PROBLEM TO WORK ON: Reproduce the records below in full and word for word, excluding pictures.

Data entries
###

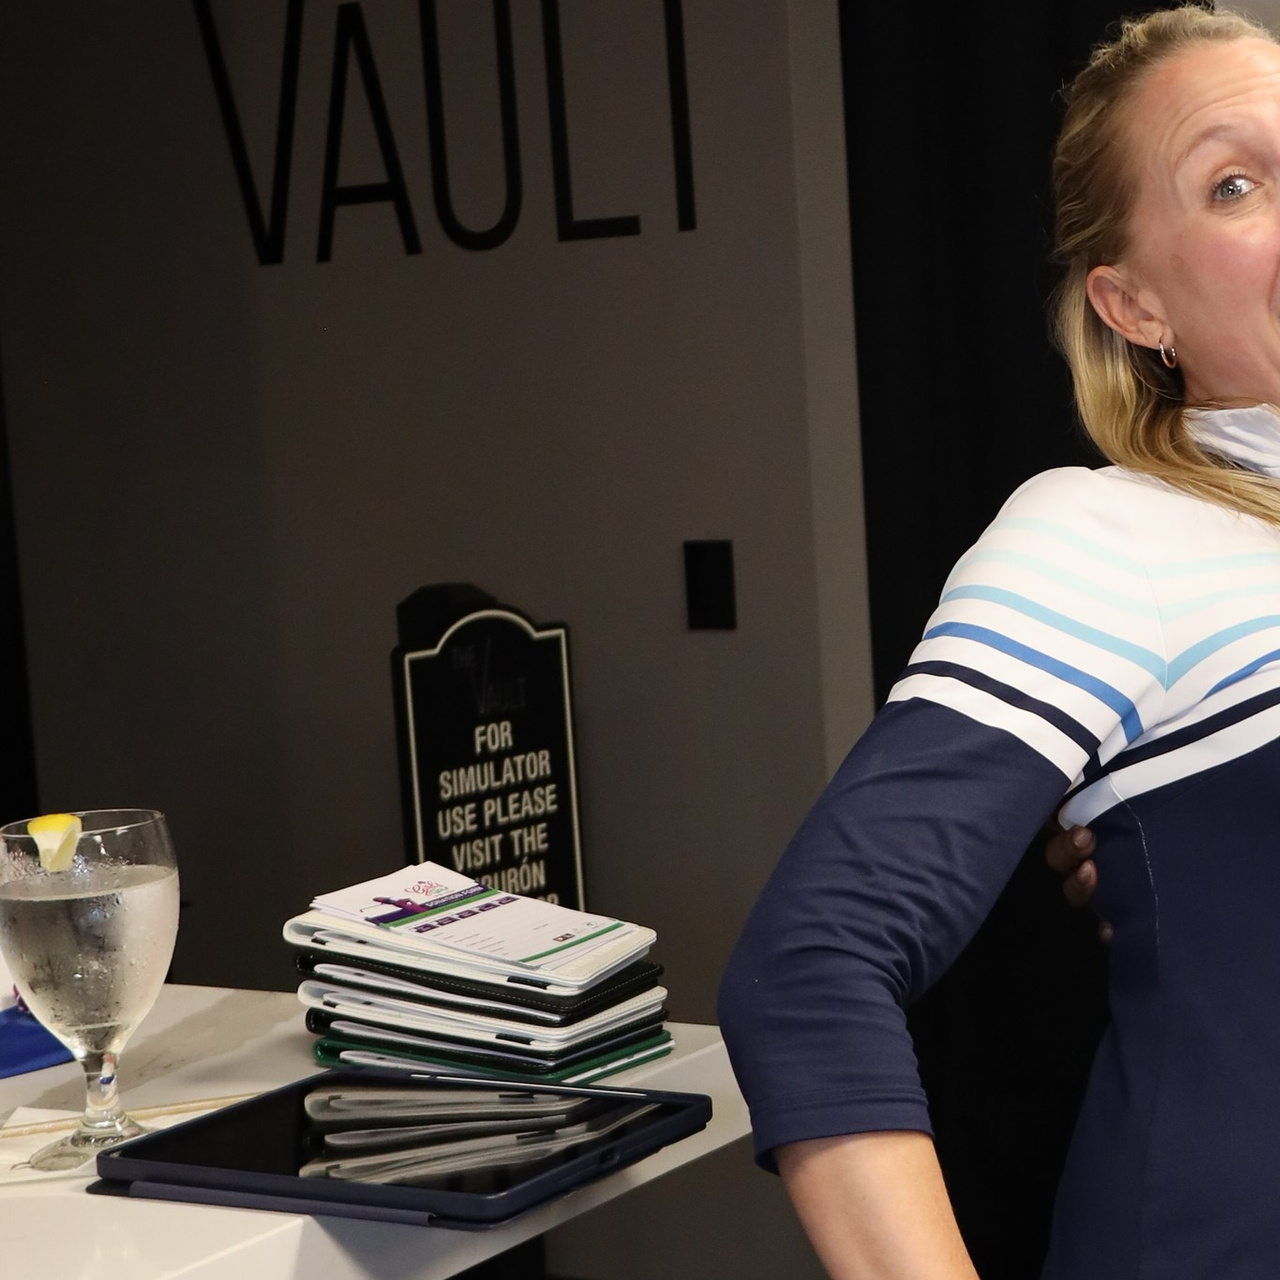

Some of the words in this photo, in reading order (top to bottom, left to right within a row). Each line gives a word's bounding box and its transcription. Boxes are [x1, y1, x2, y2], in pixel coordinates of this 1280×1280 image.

[474, 720, 514, 756] FOR
[438, 749, 551, 801] SIMULATOR
[437, 807, 477, 840] USE
[483, 783, 558, 826] PLEASE
[452, 833, 503, 871] VISIT
[510, 822, 549, 857] THE
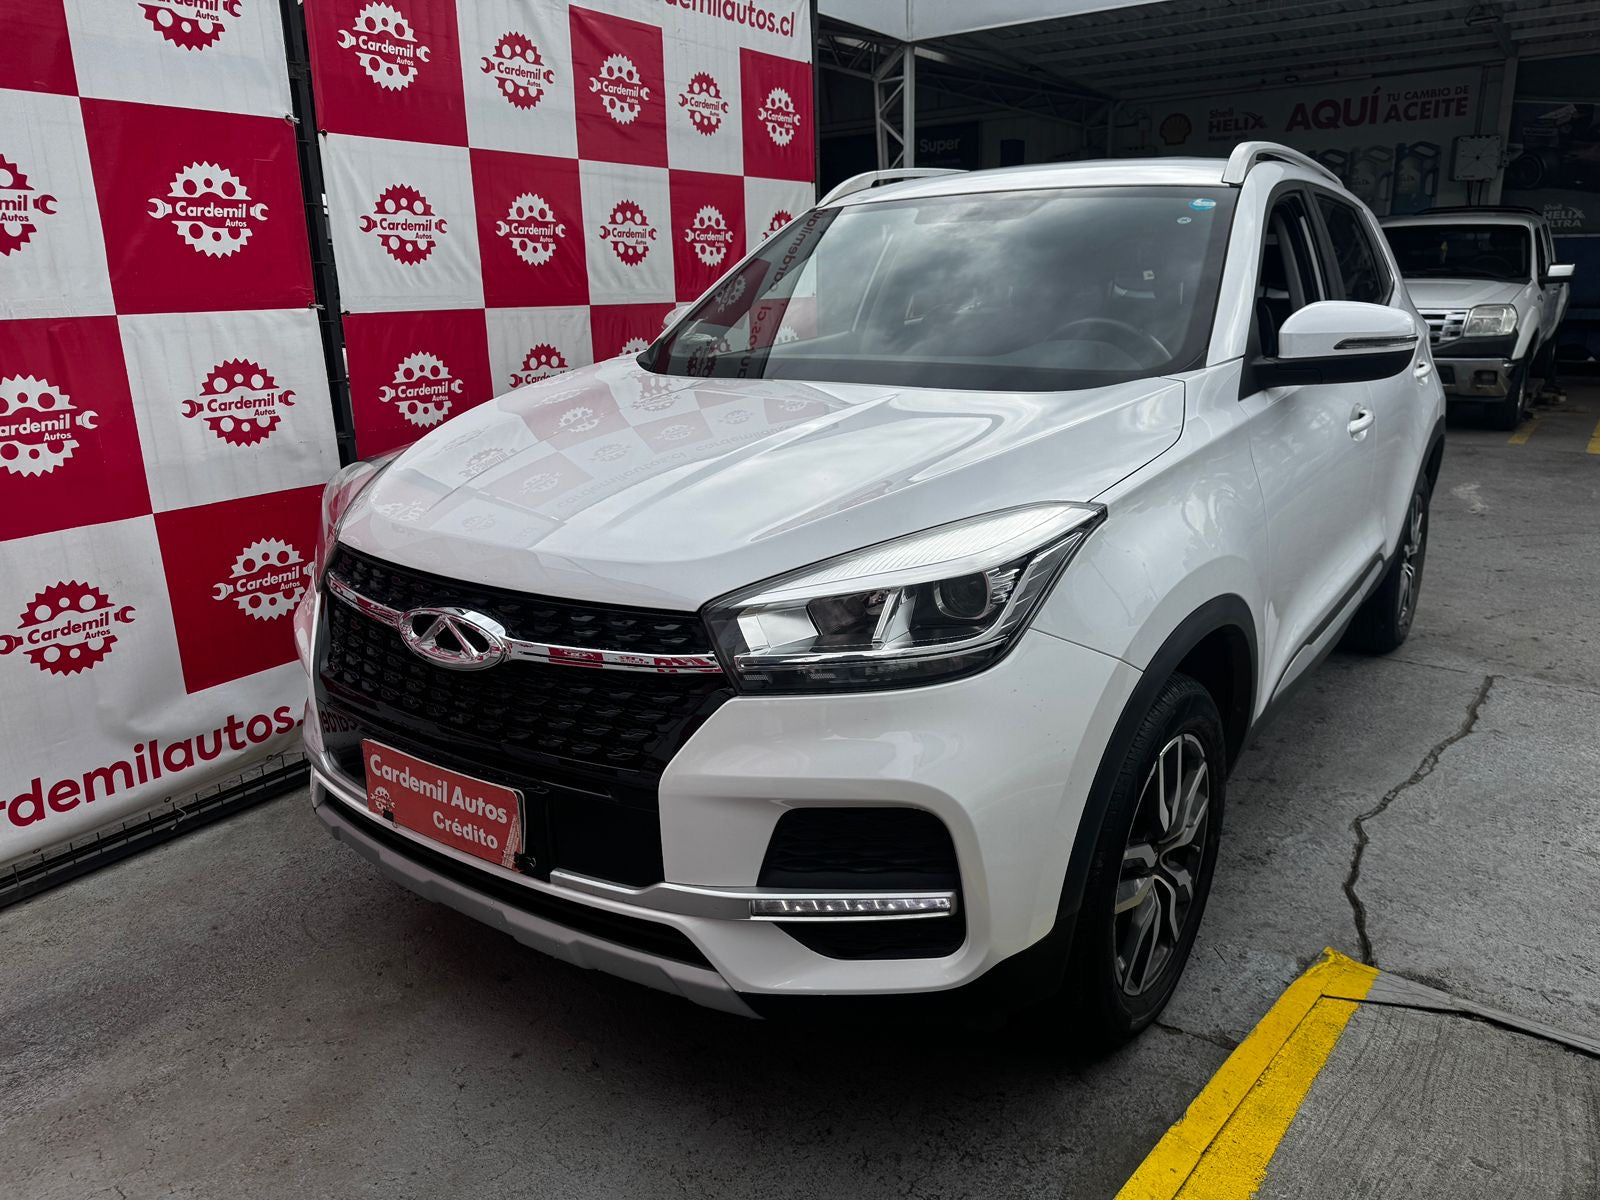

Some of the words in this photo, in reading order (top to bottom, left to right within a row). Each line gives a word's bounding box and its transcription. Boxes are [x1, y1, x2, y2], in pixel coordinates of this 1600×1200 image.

###

ANSWER TO THIS PROBLEM:
Some of the words in this photo, in reading order (top to bottom, left to right within a row). Each line gives a word's bounding box and its transcription. Boxes are [x1, y1, x2, y2], in pixel coordinates of this 1280×1280 image.

[474, 720, 514, 756] FOR
[438, 749, 551, 801] SIMULATOR
[437, 807, 477, 840] USE
[483, 783, 558, 826] PLEASE
[452, 833, 503, 871] VISIT
[510, 822, 549, 857] THE

Some of the words in this photo, in reading order (top to bottom, left to right within a row). Each line gives a word's bounding box and its transcription. Boxes are [x1, y1, x2, y2], in pixel coordinates of this 1600×1200 image.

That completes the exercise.